Awadh Alqahtani 1,, Emad Aljohani 2, Fahad Almadi 3, Srikar Billa 4
PMCID: PMC6656320  PMID: 31384425

Abstract

A 36-year-old morbidly obese female with BMI 66 kg/m2, scheduled for elective laparoscopic sleeve gastrectomy. Prior to the surgery patient had symptoms of mild dyspnea, vague abdominal discomfort. CAT scan of thorax and abdomen revealed a right-sided large morgagni diaphragmatic hernia containing omentum and portion of the transverse colon. Patient elected to undergo Laparoscopic sleeve gastrectomy and concomitant morgagni diaphragmatic hernia repair. The post-operative course was uneventful and the patient was discharged on post-operative Day 2.

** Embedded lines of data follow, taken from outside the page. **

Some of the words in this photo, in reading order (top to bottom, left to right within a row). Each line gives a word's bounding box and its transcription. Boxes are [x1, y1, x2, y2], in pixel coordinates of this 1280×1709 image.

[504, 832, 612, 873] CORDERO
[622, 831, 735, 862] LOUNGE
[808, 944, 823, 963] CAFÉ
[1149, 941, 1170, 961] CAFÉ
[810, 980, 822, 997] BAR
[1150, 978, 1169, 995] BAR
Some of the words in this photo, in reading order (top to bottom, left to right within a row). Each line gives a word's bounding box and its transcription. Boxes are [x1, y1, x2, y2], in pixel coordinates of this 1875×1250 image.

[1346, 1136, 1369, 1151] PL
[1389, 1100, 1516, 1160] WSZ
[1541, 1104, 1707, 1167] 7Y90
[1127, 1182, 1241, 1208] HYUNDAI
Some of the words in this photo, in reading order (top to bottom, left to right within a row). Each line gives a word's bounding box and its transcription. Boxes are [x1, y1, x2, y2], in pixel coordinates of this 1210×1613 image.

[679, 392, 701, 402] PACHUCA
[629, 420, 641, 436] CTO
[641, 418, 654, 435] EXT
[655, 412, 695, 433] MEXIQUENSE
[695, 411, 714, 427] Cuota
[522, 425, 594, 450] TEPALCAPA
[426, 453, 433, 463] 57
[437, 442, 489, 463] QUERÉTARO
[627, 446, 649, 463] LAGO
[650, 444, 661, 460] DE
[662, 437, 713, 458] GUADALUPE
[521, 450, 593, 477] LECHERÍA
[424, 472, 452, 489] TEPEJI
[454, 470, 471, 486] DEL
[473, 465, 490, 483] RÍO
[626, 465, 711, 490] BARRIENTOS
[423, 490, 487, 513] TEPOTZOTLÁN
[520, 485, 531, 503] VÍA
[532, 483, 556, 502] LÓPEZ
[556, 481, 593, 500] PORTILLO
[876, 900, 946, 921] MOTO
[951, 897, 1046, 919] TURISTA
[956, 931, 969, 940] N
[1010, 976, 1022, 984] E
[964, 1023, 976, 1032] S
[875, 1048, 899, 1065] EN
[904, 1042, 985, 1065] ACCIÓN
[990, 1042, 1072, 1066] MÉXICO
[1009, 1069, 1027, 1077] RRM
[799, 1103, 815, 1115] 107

This case is an extremely rare case of super obese patient with Morgagni hernia who desires bariatric surgery and found to have incidental finding of morgagni hernia. This kind of combination can safely undergo concomitant laparoscopic hernia repair with mesh and sleeve gastrectomy.

INTRODUCTION

Morgagni hernias are one of the congenital diaphragmatic hernias. Diaphragmatic hernias of Morgagni were first described by the Italian anatomists and pathologist Giovanni Battista Morgagni in 1769 [1]. They are rarest of congenital diaphragmatic hernias, making up 2–3% of cases [2]. Hernia of Morgagni is located just posterolateral to the sternum. It has also been called retrosternal, parasternal, substernal and subcostosternal. It can occur on either side of the sternum through a muscle free triangular space called the Larrey space, although it is more common on the right side [3]. The majority of hernias of Morgagni are diagnosed late because patients can be asymptomatic or present with non specific respiratory or gastrointestinal symptoms and signs. They may also be associated with trauma, surgery and increased intrabdominal pressure and have been known to contain omentum, stomach, transverse colon and even liver [4]. It is diagnosed with a lateral chest radiograph and confirmed with a barium enema or computed tomogram. Although the majority of these hernias are asymptomatic, repair is recommended to avoid future complications.

CASE DESCRIPTION

We report a 36-year-old morbidly super obese female with BMI 66 kg/m2, came to the obesity center at Dr. Suliman Alhabib hospital, Altakhasusi branch and scheduled for elective laparoscopic sleeve gastrectomy.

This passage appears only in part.